--- Input data ---

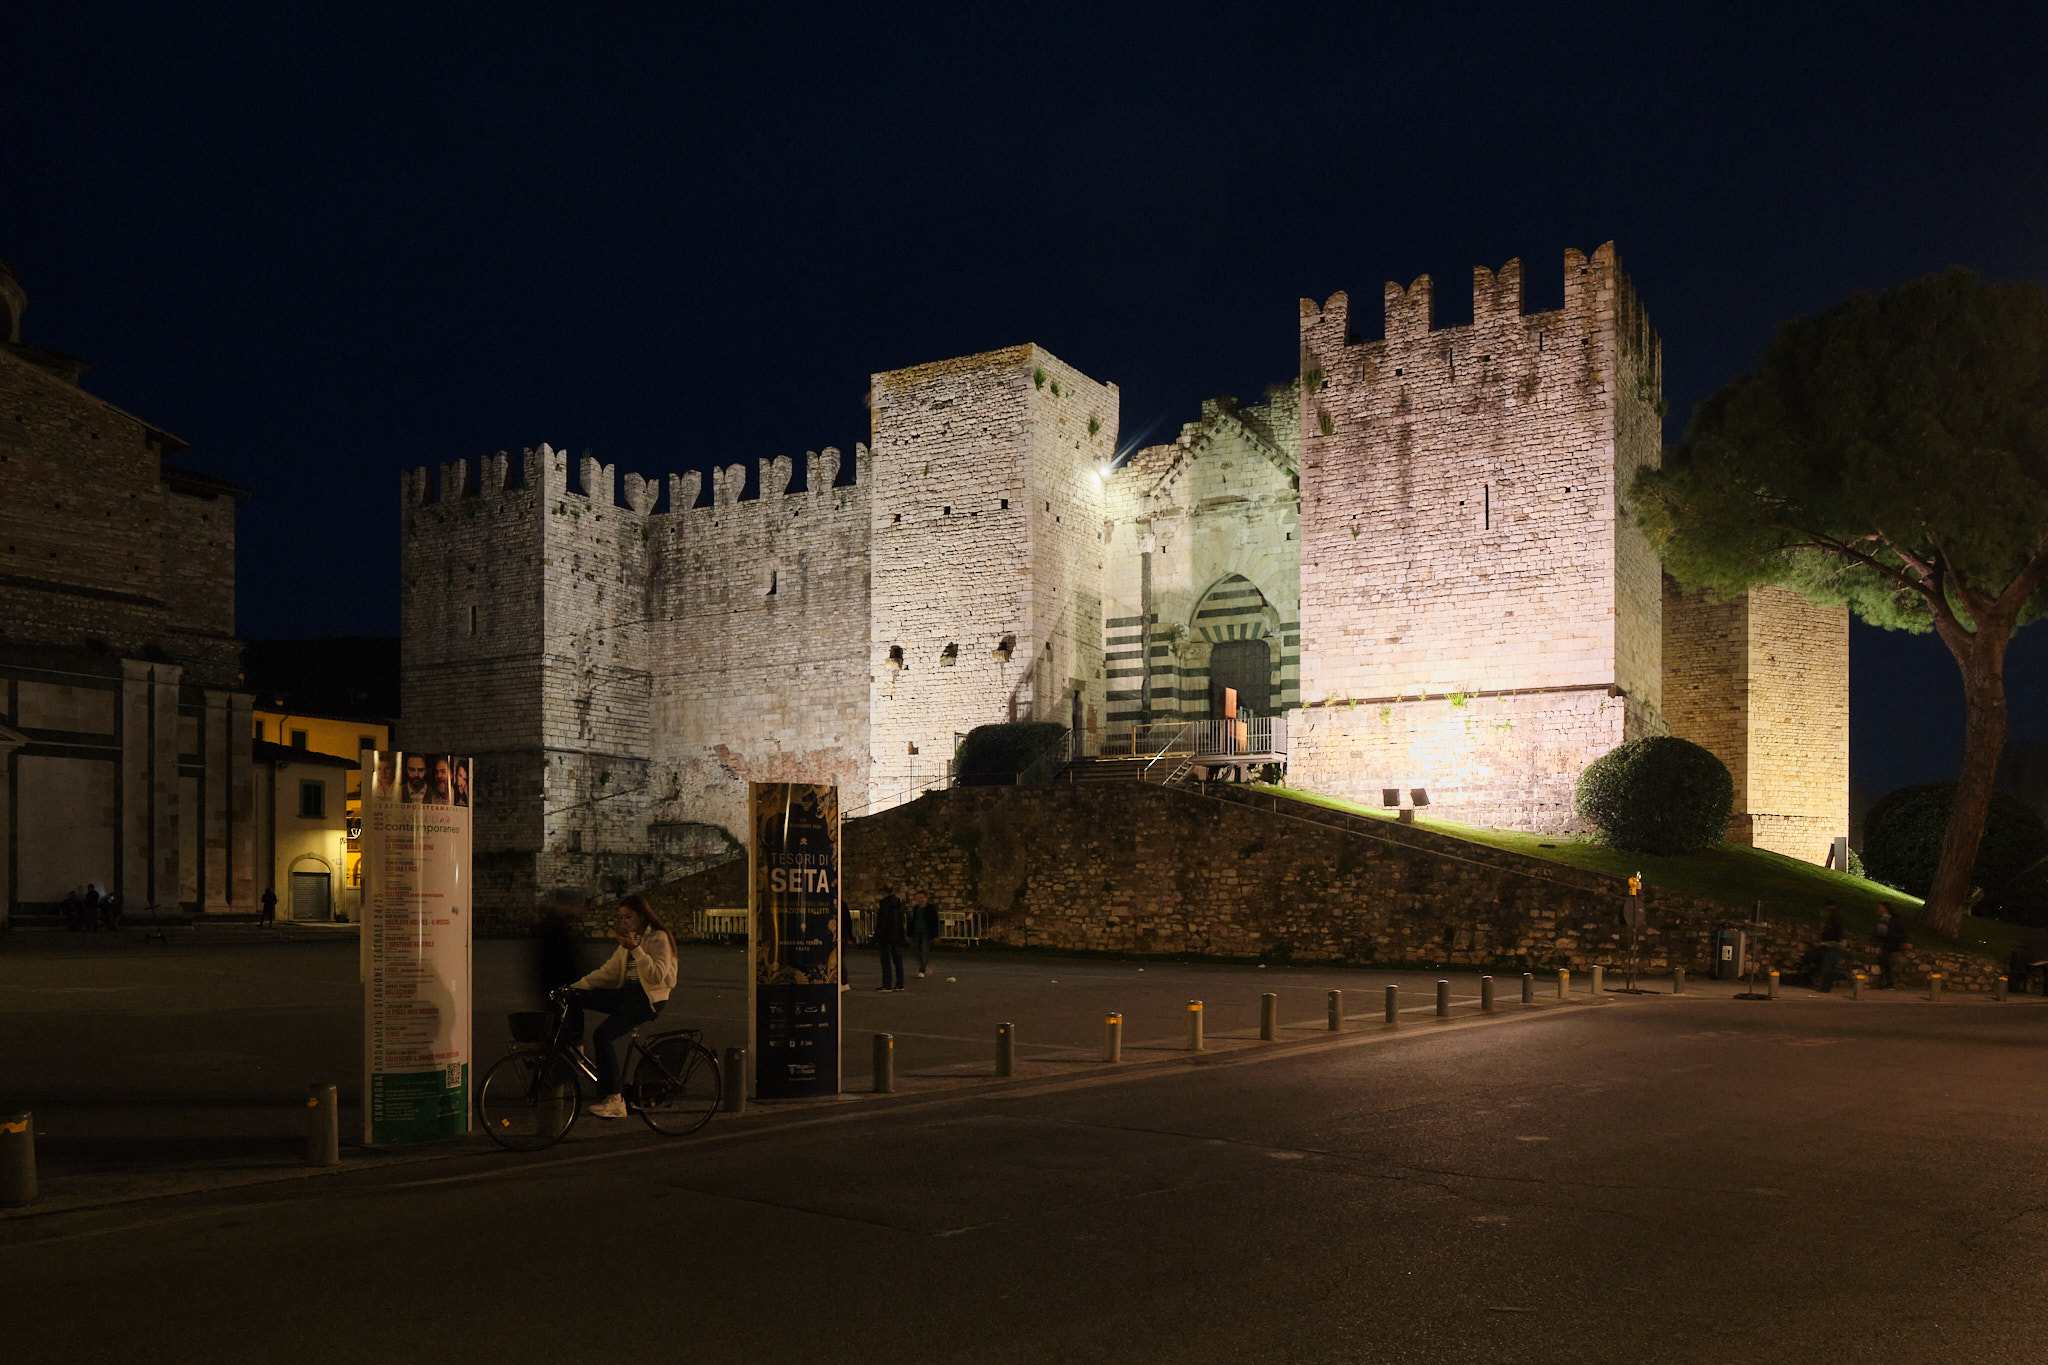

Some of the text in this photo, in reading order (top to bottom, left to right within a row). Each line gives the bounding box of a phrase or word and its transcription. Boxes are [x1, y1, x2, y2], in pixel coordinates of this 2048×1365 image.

[374, 812, 384, 831] 2025
[385, 813, 438, 824] CLASSCO
[385, 823, 460, 834] contemporaneo
[770, 853, 829, 866] TESORI DI
[771, 867, 830, 893] SETA
[374, 893, 384, 1122] CAMPAGNA ABBONAMENTI STAGIONE TEATRALE 24/25
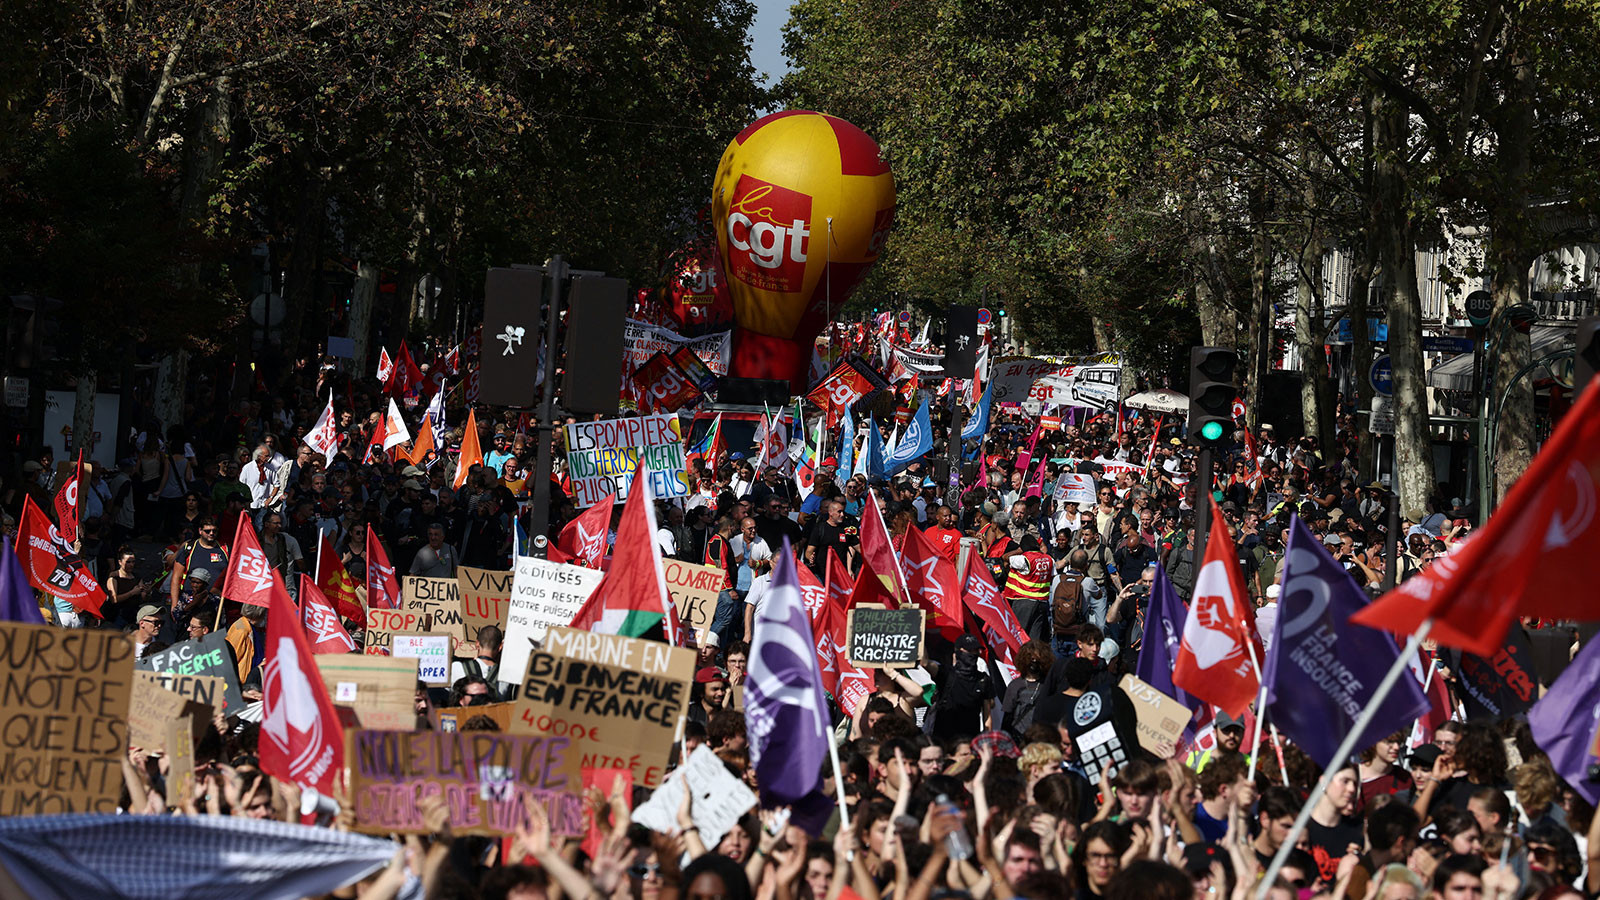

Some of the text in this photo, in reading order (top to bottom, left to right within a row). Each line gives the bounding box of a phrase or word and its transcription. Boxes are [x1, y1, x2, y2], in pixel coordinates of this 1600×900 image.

[727, 212, 810, 269] cgt
[690, 306, 707, 318] 91
[1469, 300, 1491, 311] BUS
[636, 340, 672, 352] CLASSES
[651, 366, 686, 399] cgt
[1006, 365, 1023, 376] EN
[1028, 385, 1054, 401] cgt
[595, 417, 679, 448] POMPIERS
[51, 568, 71, 588] 75
[1036, 561, 1050, 571] CGT
[518, 585, 586, 606] VOUS RESTE
[966, 575, 996, 604] FSE
[304, 605, 337, 633] FSE
[368, 610, 415, 631] STOP
[465, 594, 511, 621] LUT
[1315, 624, 1338, 648] LA
[152, 646, 193, 672] FAC
[546, 628, 633, 669] MARINE
[644, 644, 671, 673] EN
[418, 667, 445, 678] APPER
[1301, 634, 1364, 695] FRANCE
[3, 672, 122, 719] NOTRE
[524, 679, 680, 729] EN FRANCE
[1126, 676, 1161, 709] VISA
[3, 714, 122, 755] QUE LES

---

### [Task to carry out]
Copy out the listing above in full and leave out its pictures.

### [Exercise answer]
Some of the text in this photo, in reading order (top to bottom, left to right within a row). Each line gives the bounding box of a phrase or word and its transcription. Boxes are [x1, y1, x2, y2], in pixel coordinates of this 2048×1365 image.

[374, 812, 384, 831] 2025
[385, 813, 438, 824] CLASSCO
[385, 823, 460, 834] contemporaneo
[770, 853, 829, 866] TESORI DI
[771, 867, 830, 893] SETA
[374, 893, 384, 1122] CAMPAGNA ABBONAMENTI STAGIONE TEATRALE 24/25

Some of the text in this photo, in reading order (top to bottom, left to right within a row). Each line gives the bounding box of a phrase or word and its transcription. Boxes are [x1, y1, x2, y2], in pixel coordinates of this 1600×900 image.

[727, 212, 810, 269] cgt
[690, 306, 707, 318] 91
[1469, 300, 1491, 311] BUS
[636, 340, 672, 352] CLASSES
[651, 366, 686, 399] cgt
[1006, 365, 1023, 376] EN
[1028, 385, 1054, 401] cgt
[595, 417, 679, 448] POMPIERS
[51, 568, 71, 588] 75
[1036, 561, 1050, 571] CGT
[518, 585, 586, 606] VOUS RESTE
[966, 575, 996, 604] FSE
[304, 605, 337, 633] FSE
[368, 610, 415, 631] STOP
[465, 594, 511, 621] LUT
[1315, 624, 1338, 648] LA
[152, 646, 193, 672] FAC
[546, 628, 633, 669] MARINE
[644, 644, 671, 673] EN
[418, 667, 445, 678] APPER
[1301, 634, 1364, 695] FRANCE
[3, 672, 122, 719] NOTRE
[524, 679, 680, 729] EN FRANCE
[1126, 676, 1161, 709] VISA
[3, 714, 122, 755] QUE LES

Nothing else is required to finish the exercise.